United States District Court, M.D. Louisiana

July 13, 2018

HOSEY COLBERT, ET AL.
v.
CITY OF BATON ROUGE/ PARISH OF EAST BATON ROUGE, ET AL.

          RULING AND ORDER

          BRIAN A. JACKSON, CHIEF JUDGE UNITED STATES DISTRICT COURT.

         Before the Court is the second Motion to Dismiss All Remaining Claims (Doc. 89) filed by Defendant, Dr. Robert Blanche ("Dr. Blanche") seeking dismissal, under Federal Rule of Civil Procedure 12(b)(6), of all remaining claims against him that were asserted in the First Amended Complaint (Doc. 23). The Court granted in part and denied in part Dr. Blanche's first Motion to Dismiss. (Doc 68). Thus, the only claims by Plaintiffs, Hosey Colbert and Shantita Colbert, remaining against Dr. Blanche are the claims asserted against Dr. Blanche in his alleged official capacity (Monell liability) and the claims alleging his failure to supervise or train prison medical staff. Plaintiffs filed an Opposition to the second motion. (Doc. 93). For the reasons explained herein, the Motion to Dismiss All Remaining Claims (Doc. 89) is DENIED.

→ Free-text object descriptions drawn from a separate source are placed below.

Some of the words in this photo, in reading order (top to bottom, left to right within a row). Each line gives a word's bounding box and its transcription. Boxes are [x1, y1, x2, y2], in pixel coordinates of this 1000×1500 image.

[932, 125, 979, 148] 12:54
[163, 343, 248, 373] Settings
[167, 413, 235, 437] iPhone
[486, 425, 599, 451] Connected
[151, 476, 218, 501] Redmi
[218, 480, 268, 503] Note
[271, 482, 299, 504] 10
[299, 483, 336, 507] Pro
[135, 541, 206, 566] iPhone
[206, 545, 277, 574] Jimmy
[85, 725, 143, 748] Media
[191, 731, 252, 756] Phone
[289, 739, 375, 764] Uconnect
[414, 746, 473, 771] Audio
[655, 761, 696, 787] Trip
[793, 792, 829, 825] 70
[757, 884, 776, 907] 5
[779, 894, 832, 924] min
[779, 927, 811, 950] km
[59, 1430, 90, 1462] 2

         Also before the Court is the Motion to Reconsider (Doc. 92) filed by Plaintiffs, seeking reconsideration of the Court's Ruling and Order, which dismissed Defendants, Dr. Charlie H, Bridges ("Dr. Bridges") and Dr. Blanche without prejudice. (Doc. 88). Plaintiffs assert that the Ruling and Order conflicts with a prior decision in this case, and overlooks the law on the constitutional standard of health care. (Doc. 92-1 at p. 1). The motion is unopposed. For the reasons explained herein, the Motion to Reconsider (Doc. 92) is GRANTED IN PART and DENIED IN PART.

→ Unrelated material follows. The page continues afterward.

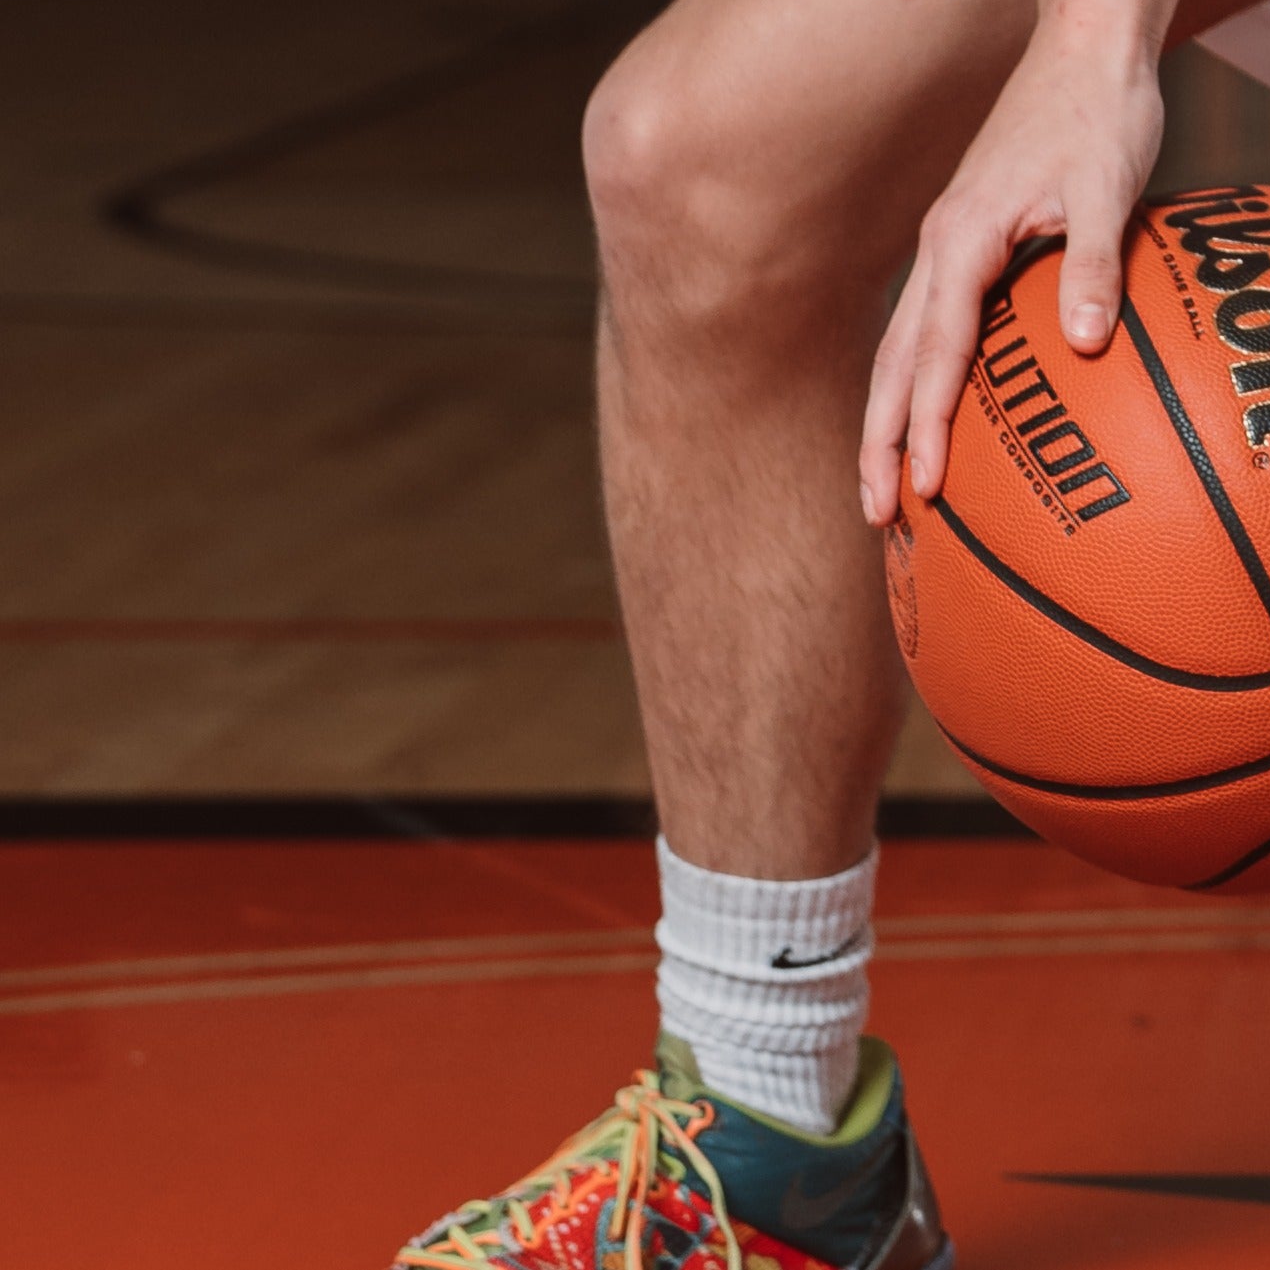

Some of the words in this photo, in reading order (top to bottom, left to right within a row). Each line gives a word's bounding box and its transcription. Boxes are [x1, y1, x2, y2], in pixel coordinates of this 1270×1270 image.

         I. MOTION TO DISMISS

         As a threshold matter, the Court notes that Dr. Blanche's motion is procedurally improper under Fed.R.Civ.P. 12(g). Federal Rule of Civil Procedure 12(g)(2) provides: "[e]xcept as provided in Rule 12(h)(2) or (3), a party that makes a motion under this rule must not make another motion under this rule raising a defense or objection that was available to the party but omitted from its earlier motion." Rule 12(h)(1) provides that the defenses listed in Rule 12(b)(2)-(5) are waived if not raised in its first motion under Rule 12 or its responsive pleading. However, Rule 12(h)(2) provides that the defense afforded by 12(b)(6), failure to state a claim upon which relief can be granted, can be raised in any pleading allowed or ordered under Rule 7(a), by a Rule 12(c) motion for judgment on the pleadings, or at trial.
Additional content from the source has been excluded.